Warburton played the title role in FOX's short-lived series The Tick. He has repeatedly criticized FOX's mismanagement of the series after its cancellation, stating that the network "apparently didn't have a clue". In 2016 he was a producer for the Amazon streaming version of the series.

He played Nick Sharp in 8 Simple Rules; and in 2003, joined the cast of Less Than Perfect as anchorman Jeb Denton. He also played Jeff Bingham in Rules of Engagement, and Rip Riley in the FX series Archer.

Warburton has provided voices for several animated films and TV programs, including a lead character in Game Over, Buzz Lightyear; the Little Green Men in Buzz Lightyear of Star Command; and Kronk in The Emperor's New Groove, with David Spade, Eartha Kitt, and John Goodman. Spade and Warburton reunited for the CBS sitcom Rules of Engagement, which aired from 2007 to 2013, and Joe Dirt 2: Beautiful Loser in 2015. Warburton reprised his role as Kronk for the direct-to-video sequel Kronk's New Groove, and the subsequent TV series The Emperor's New School. He voiced Steve Barkin in the Disney Channel show Kim Possible.

Warburton was also cast in The Venture Bros., where he voices Brock Samson, and voices Joe Swanson on Fox's Family Guy and Detective Cash in The Batman. He recorded voices for the computer-animated feature films Hoodwinked, Chicken Little, Bee Movie, Open Season. In video games, he voiced Lok in the Tak and the Power of Juju video game series and has also reprised the role again in the television series of the same name, as well as Flynn in the Skylanders series. He was also the voice of Commander Blaine H. Tate on the Comedy Central animated series Moonbeam City in October 2015.

Warburton appeared on GSN's Poker Royale Celebrities vs. the Pros tournament in 2005, winning the tournament and the $50,000 grand prize. On November 8, 2009, he appeared as the Wild West character Cal Johnson on Seth & Alex's (Almost Live) Comedy Show, hosted by Seth MacFarlane and Alex Borstein on Fox. He was also cast as Sheriff Bronson Stone in the Cartoon Network series Scooby-Doo! Mystery Incorporated, and appeared as Bowser in a video by CollegeHumor, "The Roast of Mario".

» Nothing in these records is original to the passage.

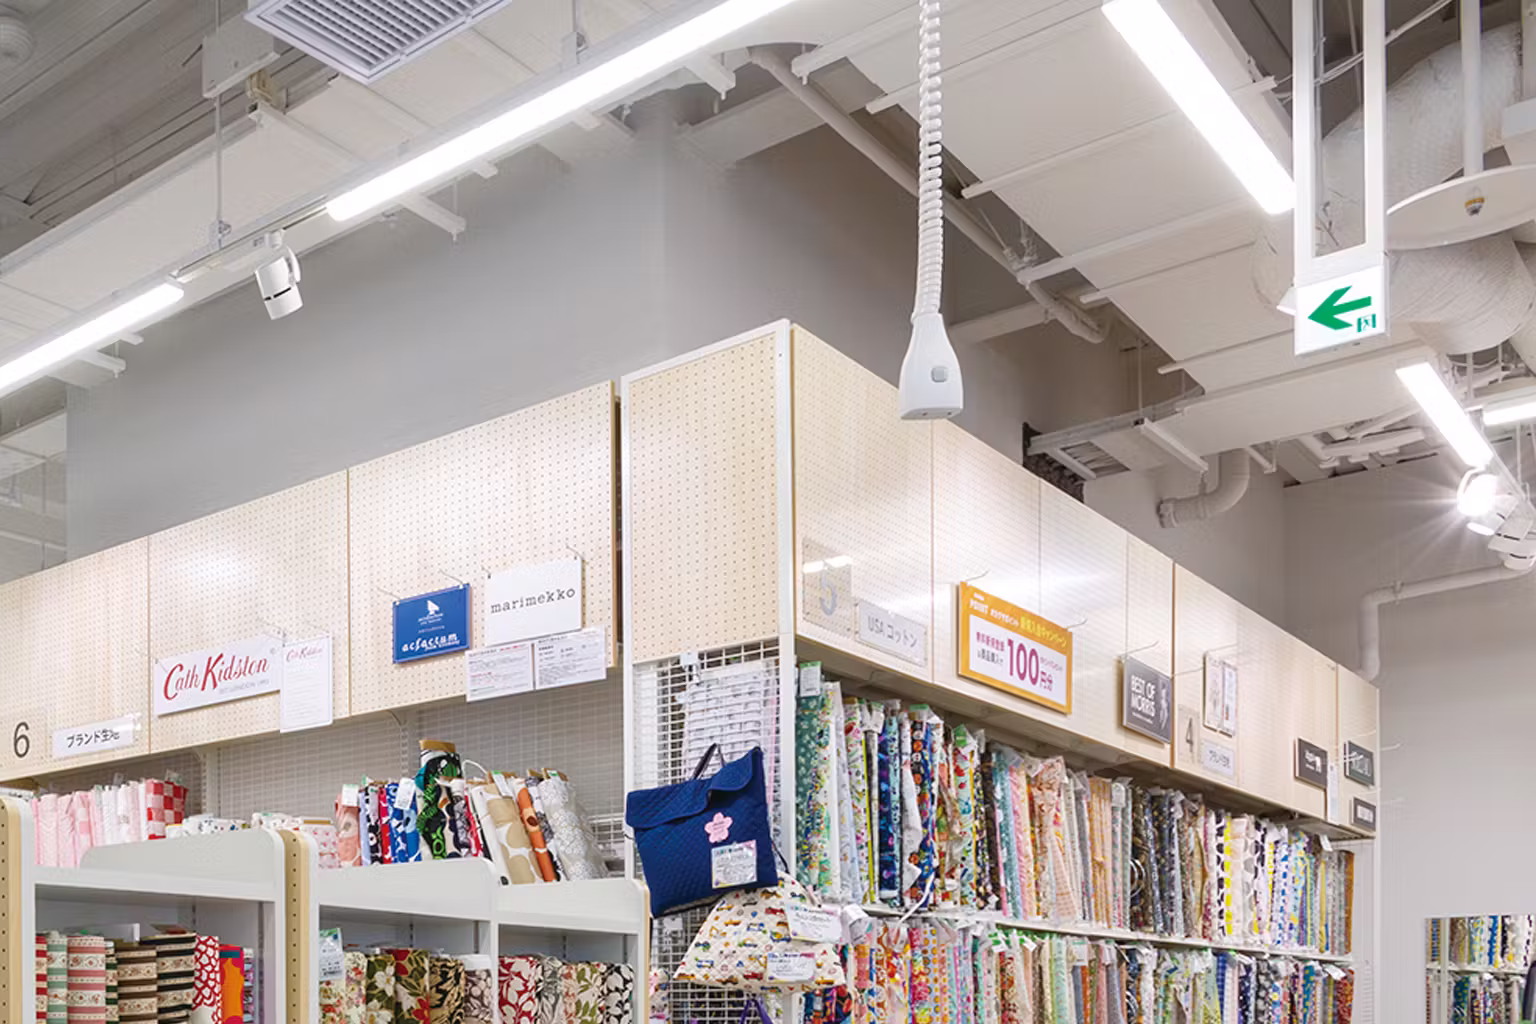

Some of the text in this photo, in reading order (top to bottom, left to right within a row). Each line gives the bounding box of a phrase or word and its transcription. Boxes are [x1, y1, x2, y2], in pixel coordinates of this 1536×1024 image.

[490, 587, 576, 614] marimekko
[867, 615, 918, 648] USA コットン
[164, 653, 270, 700] Cath Kidston
[1007, 637, 1039, 686] 100
[1130, 675, 1156, 700] BEST OF
[1130, 693, 1156, 717] MORRIS
[13, 721, 30, 758] 6
[1185, 716, 1195, 754] 4
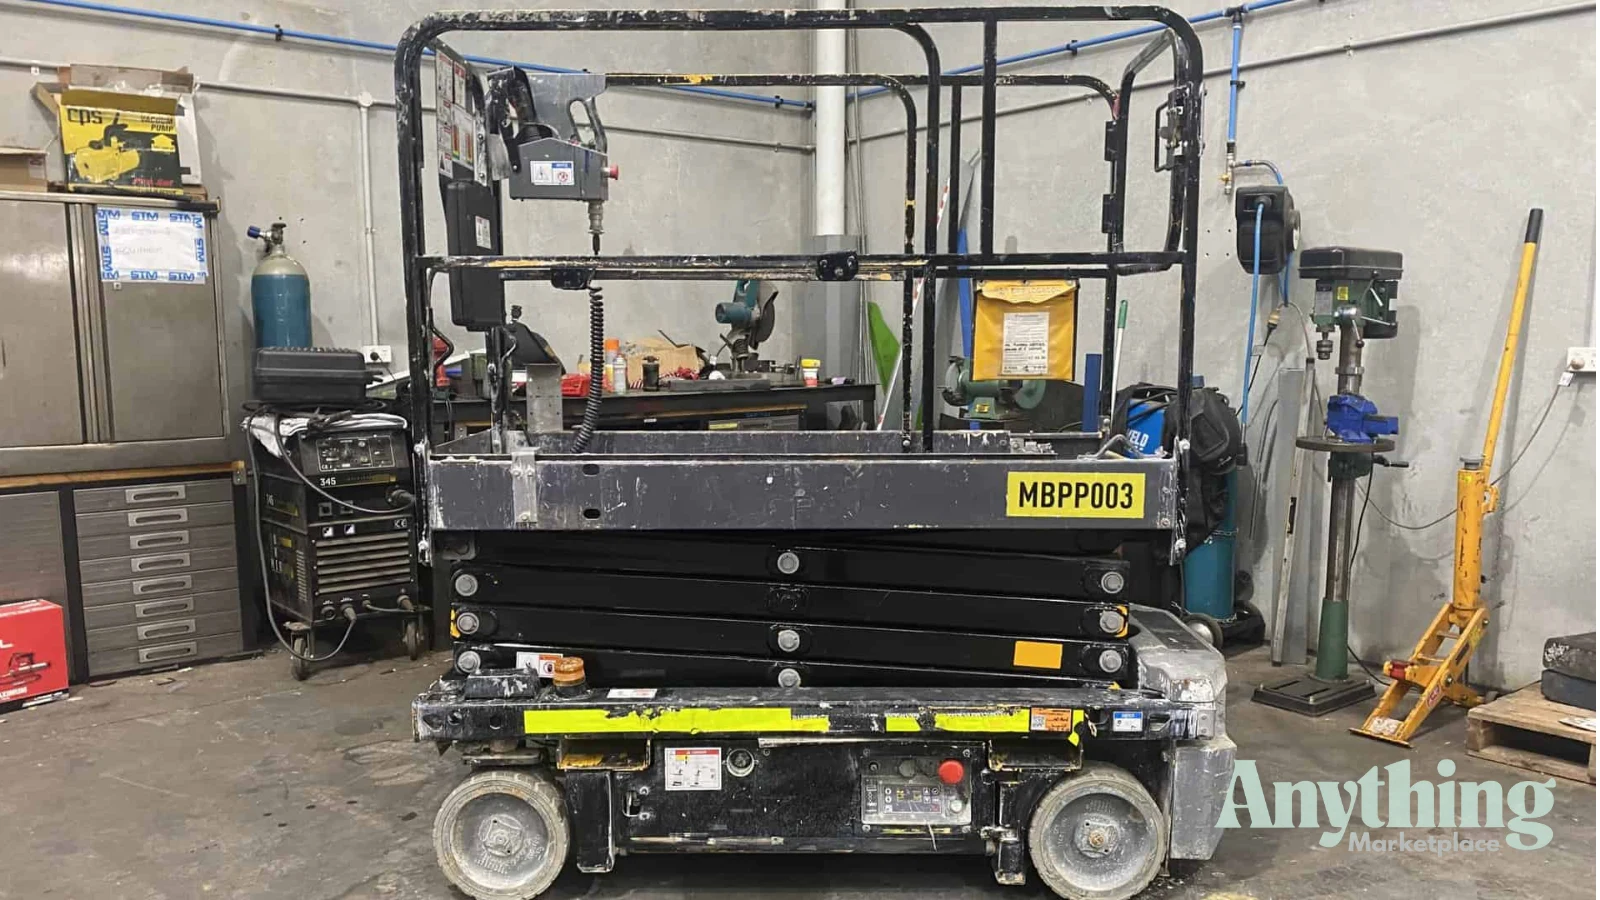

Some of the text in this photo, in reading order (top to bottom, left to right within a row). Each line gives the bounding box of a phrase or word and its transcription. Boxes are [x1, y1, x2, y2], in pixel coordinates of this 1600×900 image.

[151, 124, 175, 132] PUMP
[131, 211, 158, 220] STM
[130, 271, 158, 281] STM
[168, 272, 194, 281] STM
[319, 476, 337, 487] 345
[1019, 481, 1133, 509] MBPP003
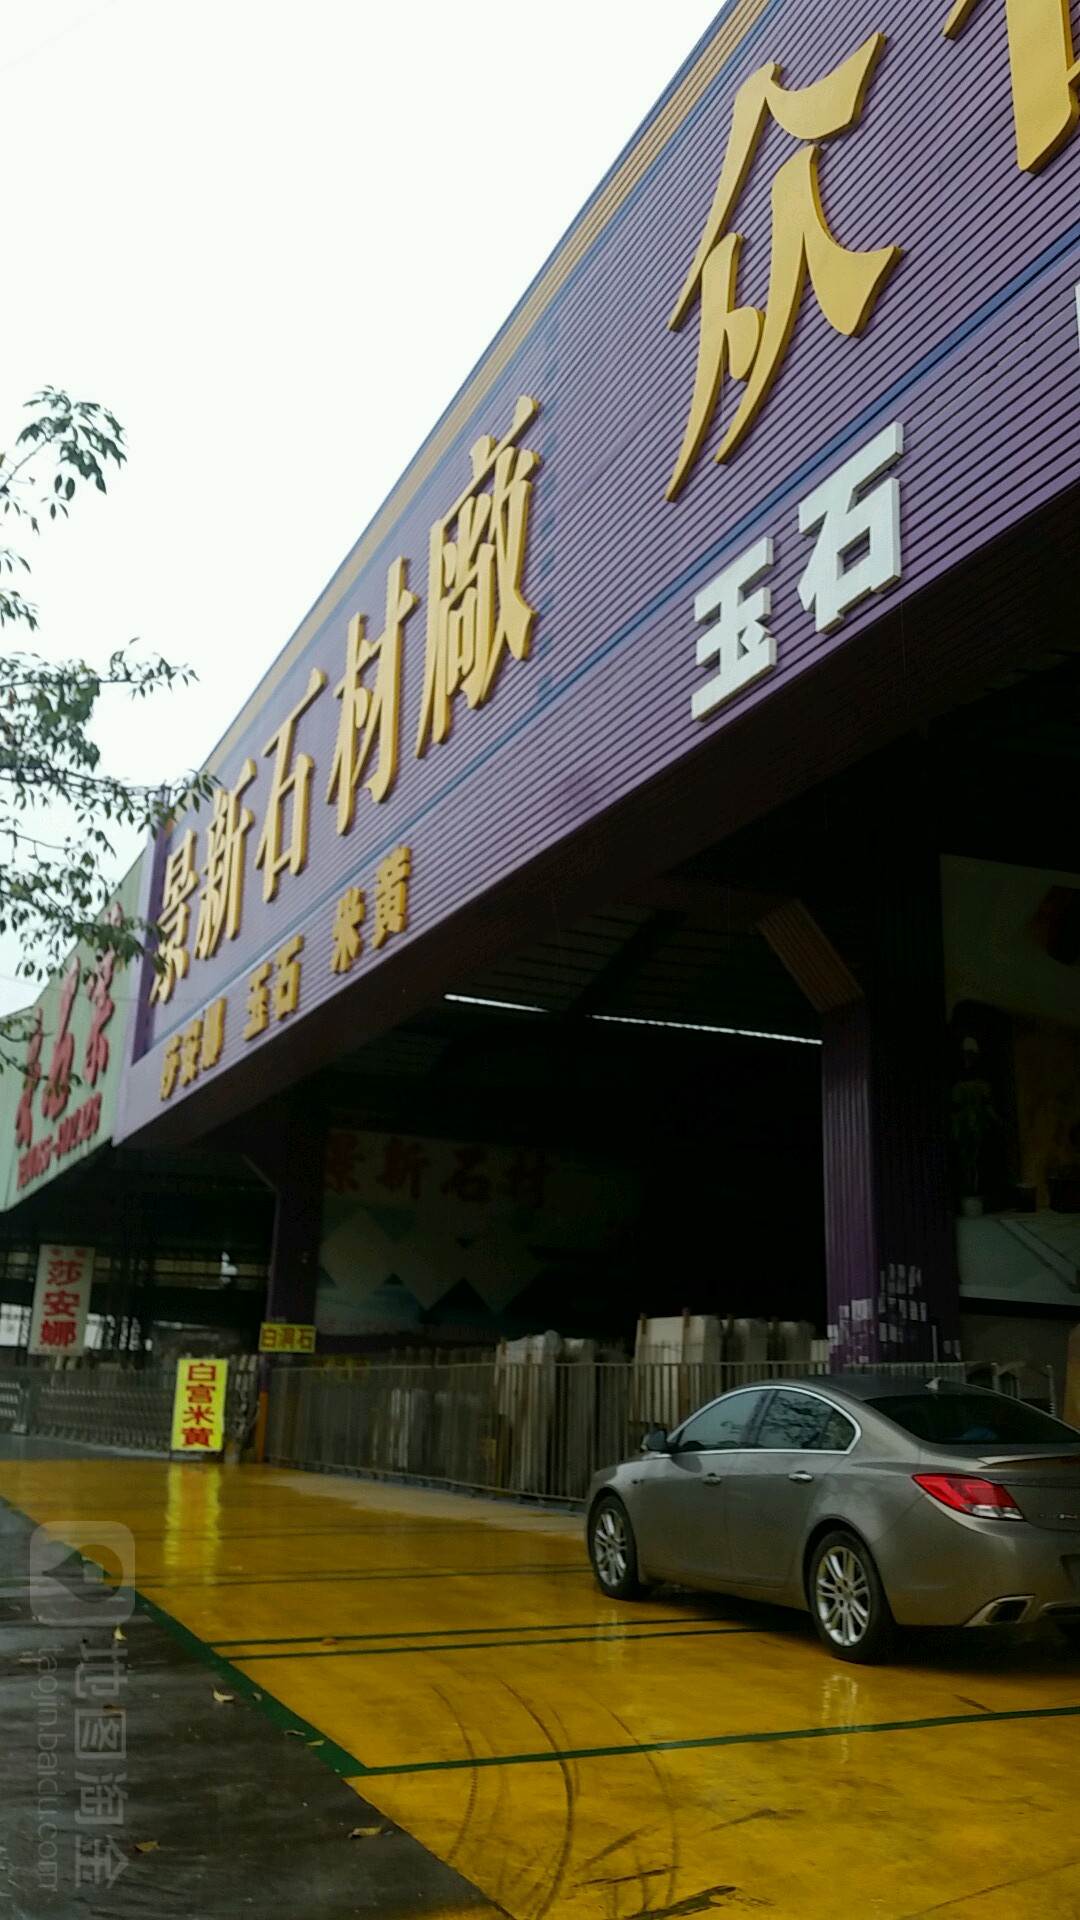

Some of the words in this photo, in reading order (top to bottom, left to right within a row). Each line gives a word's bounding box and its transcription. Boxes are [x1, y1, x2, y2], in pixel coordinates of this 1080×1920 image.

[150, 395, 541, 1005] 景新石材廠
[692, 421, 904, 720] 玉石
[243, 935, 304, 1041] 玉石
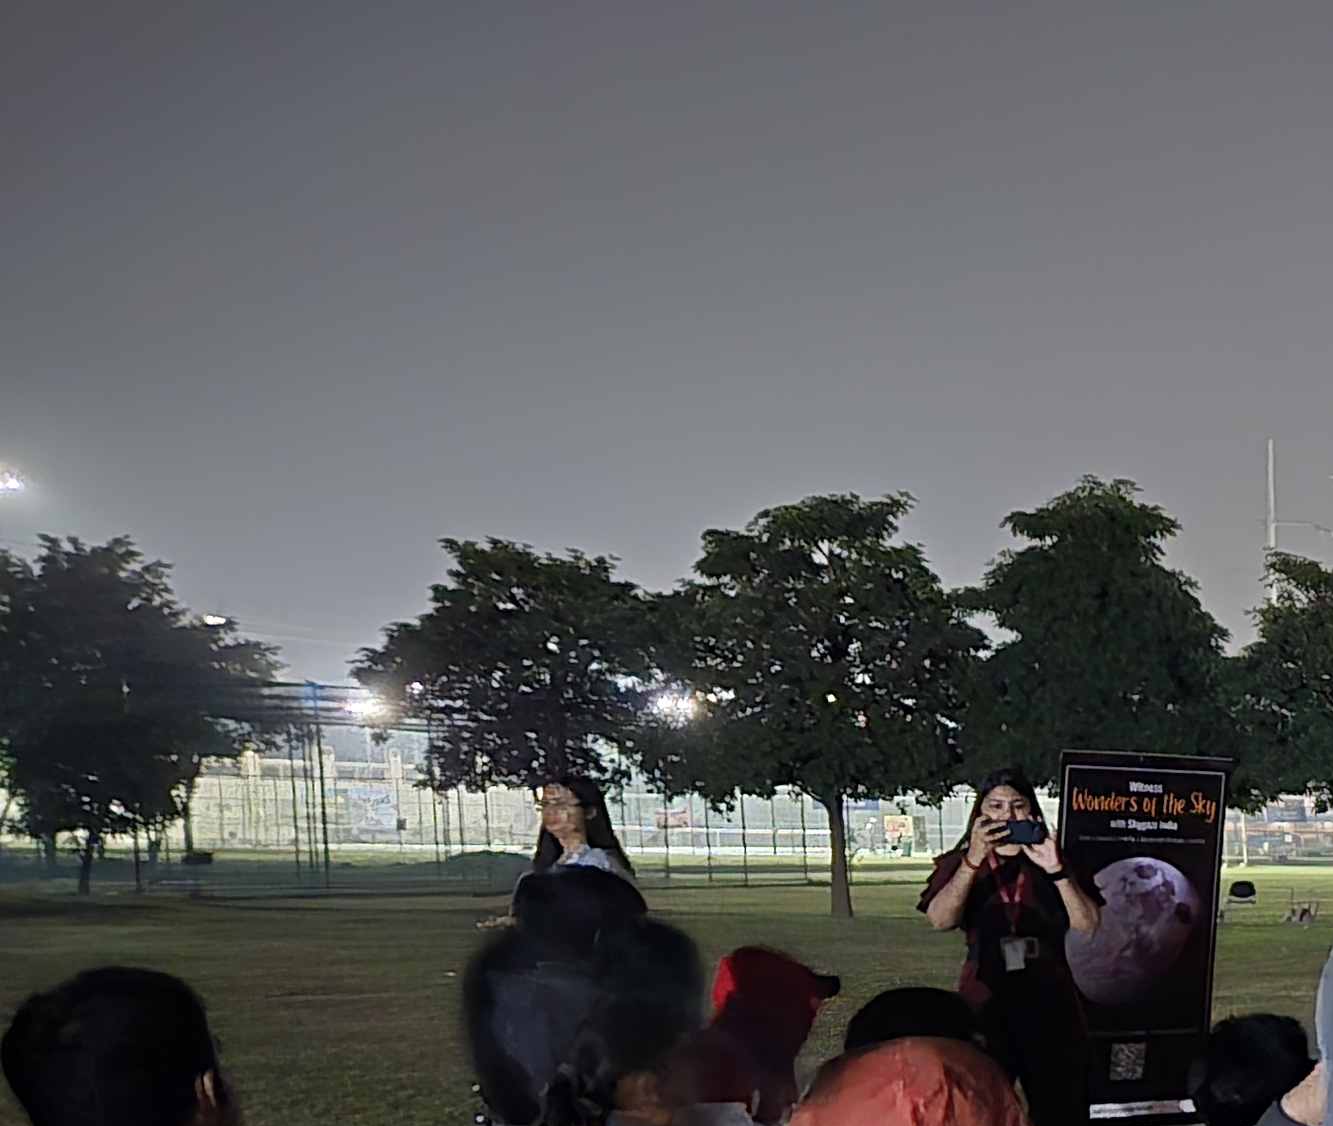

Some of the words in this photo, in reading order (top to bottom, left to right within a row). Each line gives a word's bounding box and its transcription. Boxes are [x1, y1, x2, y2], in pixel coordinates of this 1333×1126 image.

He appeared on the American version of Top Gear on February 21, 2012, where he set the "Big Star, Small Car" lap record, beating previous record-holder Arlene Tur.

Warburton starred in the 2016 NBC sitcom Crowded, where he and Carrie Preston played parents who were about to enjoy their empty-nest years only to find their daughters and his parents moving back in to live with them. It ran for one season of 13 episodes.

He is featured as the flight attendant, Patrick, in the "preboarding" video shown to guests at Soarin' Around the World in Disney California Adventure in Anaheim, California and Epcot at the Walt Disney World Resort, in Orlando, Florida where he explains the ride's requirements, reprising his role from the preboarding video of the predecessor ride, Soarin' Over California. He lent his voice to the droid G2-4T in the queue of Star Tours: The Adventures Continue at Disney's Hollywood Studios in Orlando, Florida and Disneyland in Anaheim, California.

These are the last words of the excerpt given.